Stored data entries

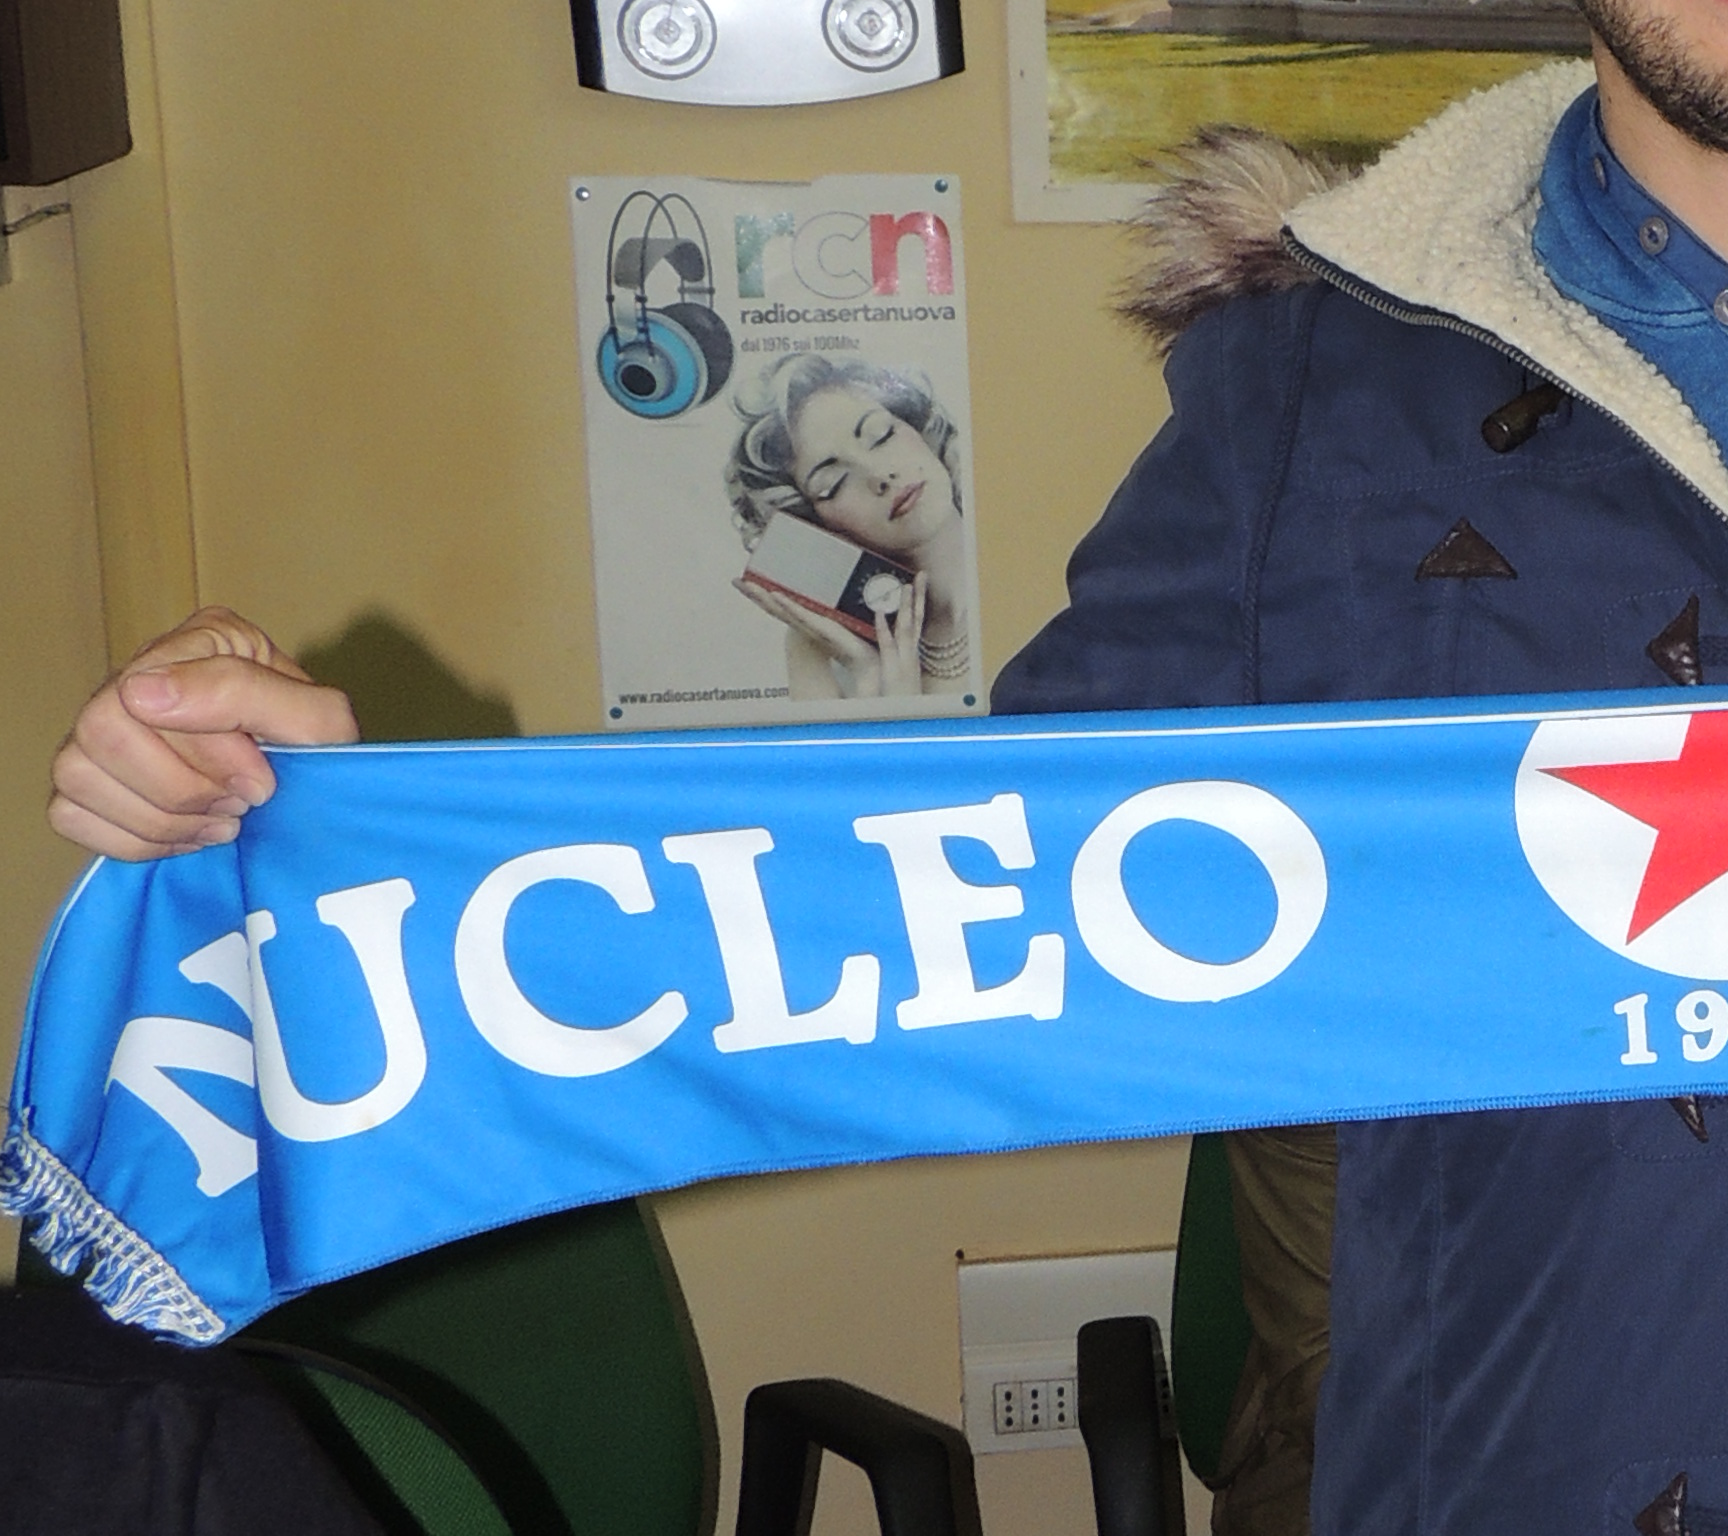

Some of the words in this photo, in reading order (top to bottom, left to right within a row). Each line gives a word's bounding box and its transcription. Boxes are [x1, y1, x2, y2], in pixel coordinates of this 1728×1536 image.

[735, 211, 954, 300] rcn
[740, 302, 956, 325] radiocasertanuova
[740, 337, 760, 352] dal
[763, 336, 790, 352] 1976
[618, 686, 790, 704] www.radiocasertanuova.com
[106, 779, 1327, 1198] NUCLEO
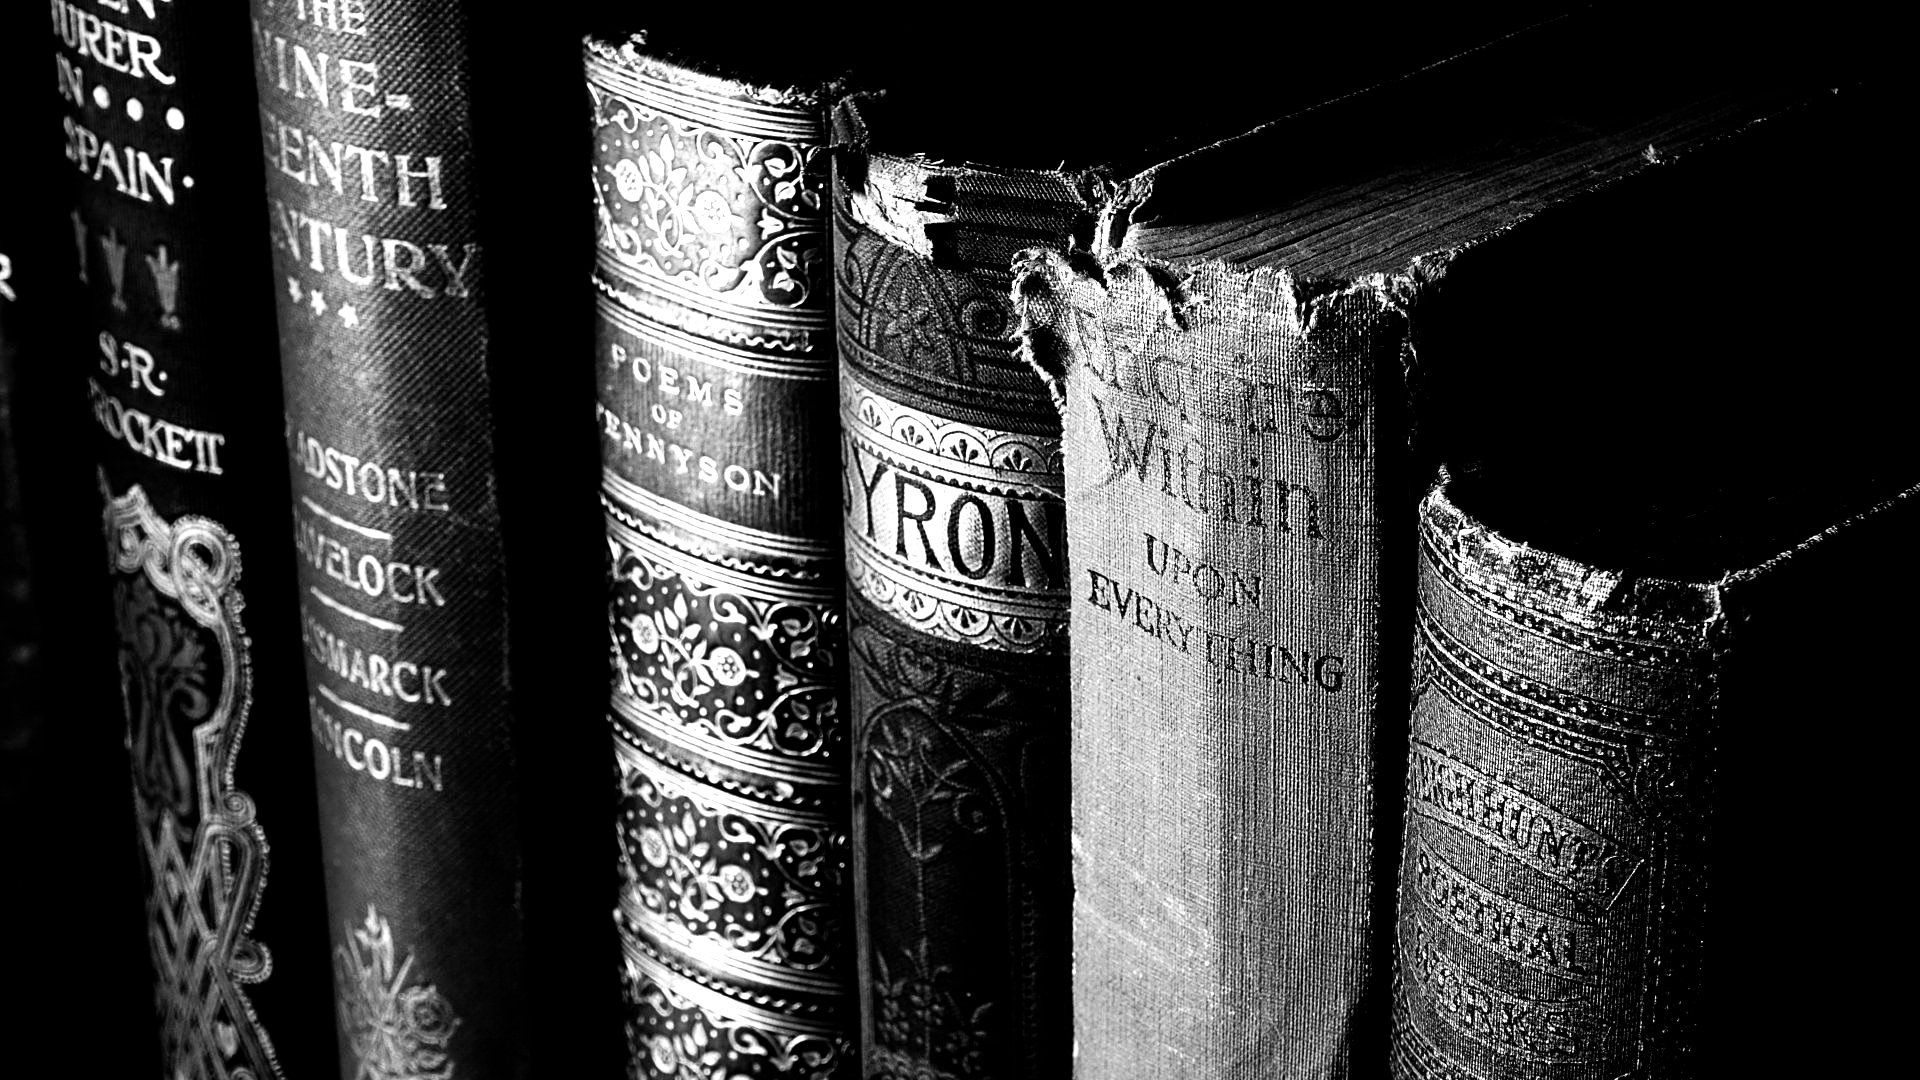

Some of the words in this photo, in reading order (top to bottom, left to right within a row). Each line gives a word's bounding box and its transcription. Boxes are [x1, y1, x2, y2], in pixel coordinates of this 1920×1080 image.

[611, 343, 743, 416] POEMS
[651, 403, 683, 429] OF
[1091, 394, 1332, 542] Within
[1143, 531, 1262, 610] UPON
[1087, 568, 1345, 693] EVERYTHING

- Your goal -
The span to give again runs from the line with "this 1920×1080 image." through the last line of the records above; reproduce it exactly and nothing more.

- Expected answer -
Some of the words in this photo, in reading order (top to bottom, left to right within a row). Each line gives a word's bounding box and its transcription. Boxes are [x1, y1, x2, y2], in pixel coordinates of this 1920×1080 image.

[611, 343, 743, 416] POEMS
[651, 403, 683, 429] OF
[1091, 394, 1332, 542] Within
[1143, 531, 1262, 610] UPON
[1087, 568, 1345, 693] EVERYTHING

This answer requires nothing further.